如本文所用，所述“有效量”是指可对人和/或动物产生功能或活性的且可被人和/或动物所接受的量。所述“药学上可接受的载体”指用于治疗剂给药的载体，包括各种赋形剂和稀释剂。该术语指这样一些药剂载体：它们本身并不是必要的活性成分，且施用后没有过分的毒性。合适的载体是本领域普通技术人员所熟知的。在组合物中药学上可接受的载体可含有液体，如水、盐水、缓冲液。另外，这些载体中还可能存在辅助性的物质，如填充剂、润滑剂、助流剂、润湿剂或乳化剂、pH缓冲物质等。所述的载体中还可以含有细胞转染试剂。

在得知了所述KDM4A或KDM4B或其编码基因的下调剂的用途后，可以采用本领域熟知的多种方法来将所述的下调剂或其编码基因、或其药物组合物给药于哺乳动物或人。

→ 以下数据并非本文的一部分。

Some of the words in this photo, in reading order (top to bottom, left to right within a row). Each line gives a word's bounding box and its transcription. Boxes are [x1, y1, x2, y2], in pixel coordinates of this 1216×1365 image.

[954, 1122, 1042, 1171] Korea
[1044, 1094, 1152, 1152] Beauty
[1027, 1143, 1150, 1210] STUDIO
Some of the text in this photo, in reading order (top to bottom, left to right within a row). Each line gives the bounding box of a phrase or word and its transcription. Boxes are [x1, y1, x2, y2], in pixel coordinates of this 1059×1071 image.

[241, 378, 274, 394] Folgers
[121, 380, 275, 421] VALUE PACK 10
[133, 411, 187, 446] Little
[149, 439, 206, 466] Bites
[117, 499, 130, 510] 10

优选的，可采用基因治疗的手段进行。比如，可直接将KDM4A或KDM4B的下调剂通过诸如注射等方法给药于受试者；或者，可通过一定的途径将携带KDM4A或KDM4B的下调剂的表达单位(比如表达载体或病毒等，或siRNA)递送到靶点上，并使之表达活性的KDM4A或KDM4B下调剂，具体情况需视所述的下调剂的类型而定，这些均是本领域技术人员所熟知的。

本发明所述的KDM4A或KDM4B或其编码基因的下调剂的有效量可随给药的模式和待治疗的疾病的严重程度等而变化。优选的有效量的选择可以由本领域普通技术人员根据各种因素来确定(例如通过临床试验)。所述的因素包括但不限于：所述的KDM4A或KDM4B或其编码基因的下调剂的药代动力学参数例如生物利用率、代谢、半衰期等；患者所要治疗的疾病的严重程度、患者的体重、患者的免疫状况、给药的途径等。

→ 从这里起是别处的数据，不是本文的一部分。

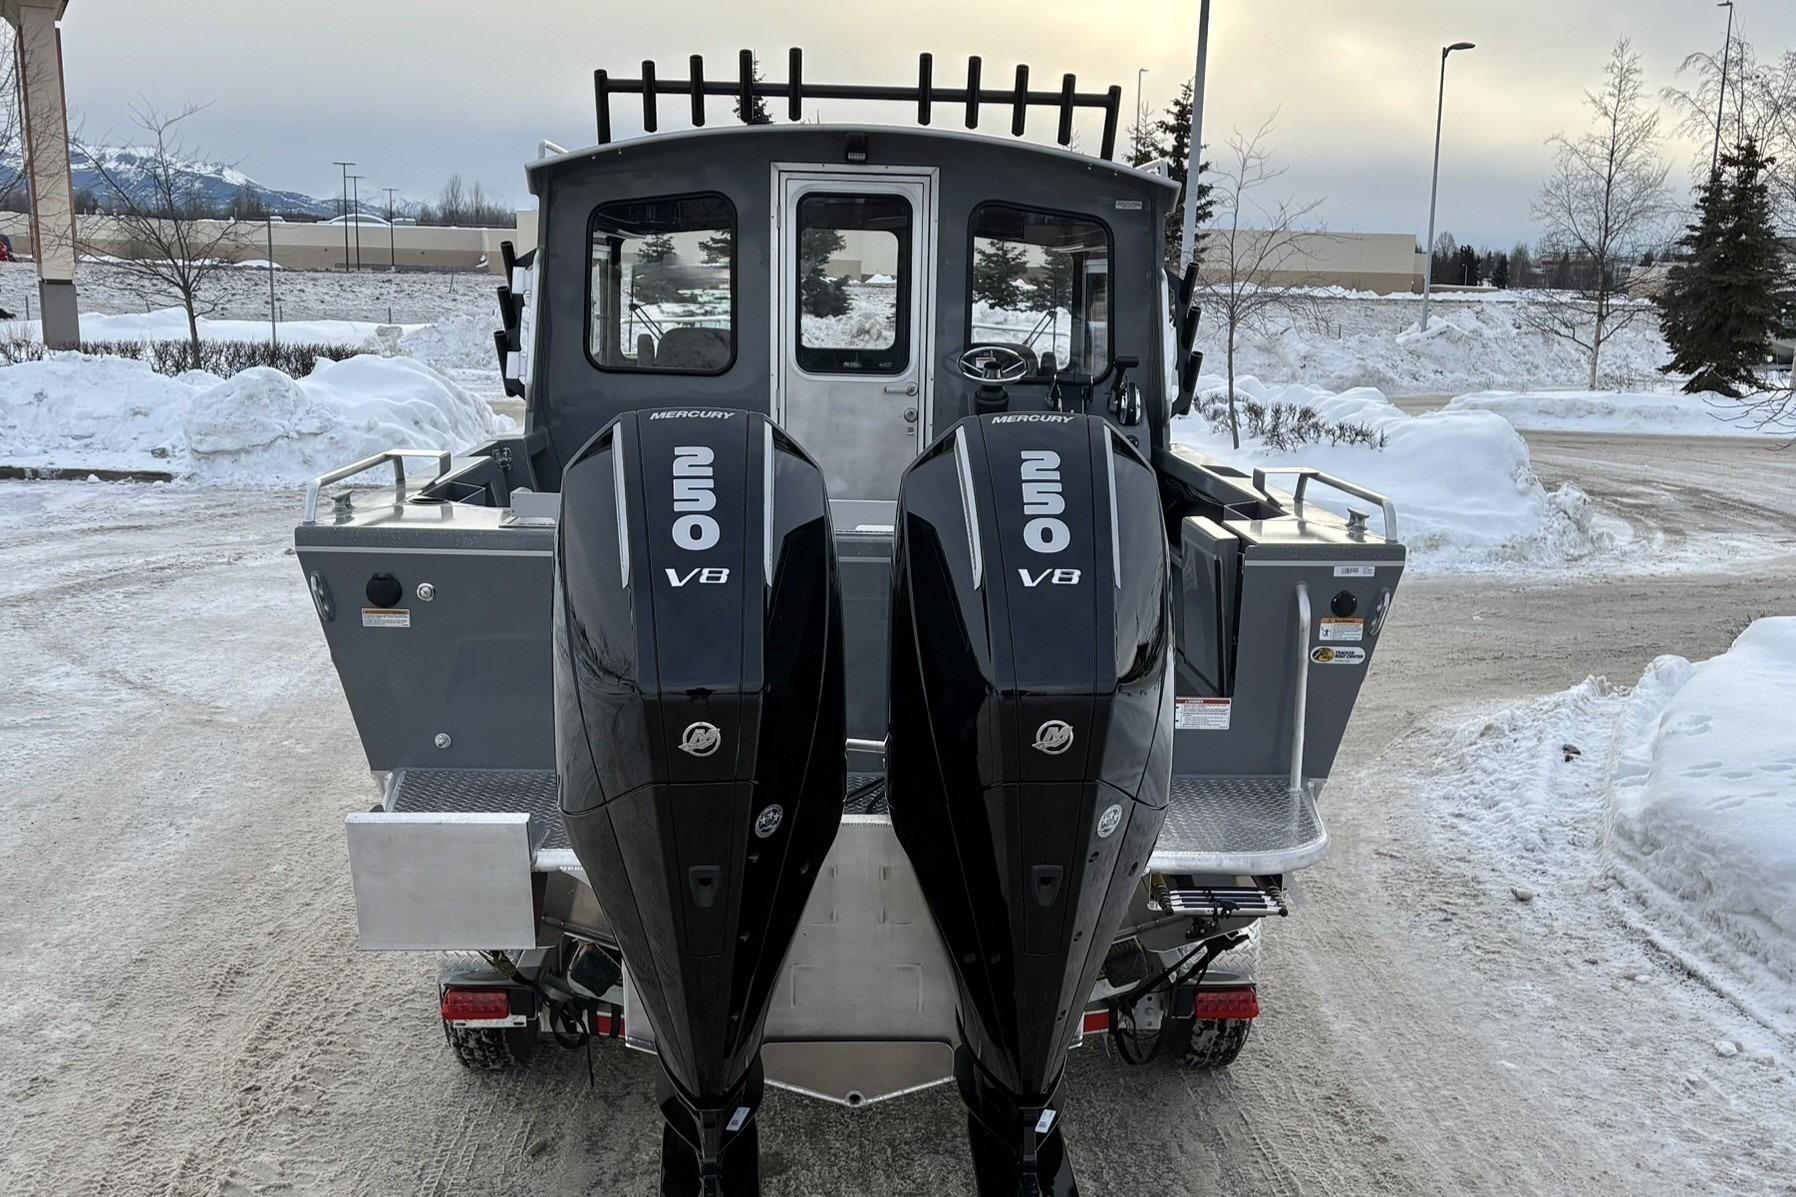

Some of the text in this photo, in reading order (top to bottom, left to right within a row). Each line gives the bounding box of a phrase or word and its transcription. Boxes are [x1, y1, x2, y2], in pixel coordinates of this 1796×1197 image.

[650, 410, 736, 421] MERCURY
[991, 414, 1074, 425] MERCURY
[671, 446, 721, 551] 250
[1020, 450, 1071, 553] 250
[665, 567, 730, 587] V8
[1018, 568, 1081, 587] V8

本发明的具体实施例中，给出了一些针对动物如鼠的给药方案。从动物如鼠的给药剂量换算为适用于人类的给药剂量是本领域技术人员易于作出的，例如可根据Meeh-Rubner公式来进行计算：Meeh-Rubner公式：A＝k×(W^2/3)/10,000。式中A为体表面积，以m²计算；W为体重，以g计算；K为常数，随动物种类而不同，一般而言，小鼠和大鼠9.1，豚鼠9.8，兔10.1，猫9.9，狗11.2，猴11.8，人10.6。应理解的是，根据药物以及临床情形的不同，根据有经验的药师的评估，给药剂量的换算是可以变化的。

本发明还提供了含有所述的药物组合物或直接含有所述的KDM4A或KDM4B或其编码基因的下调剂的药盒。此外，所述的药盒中还可包括说明药盒中药物的使用方法的说明书。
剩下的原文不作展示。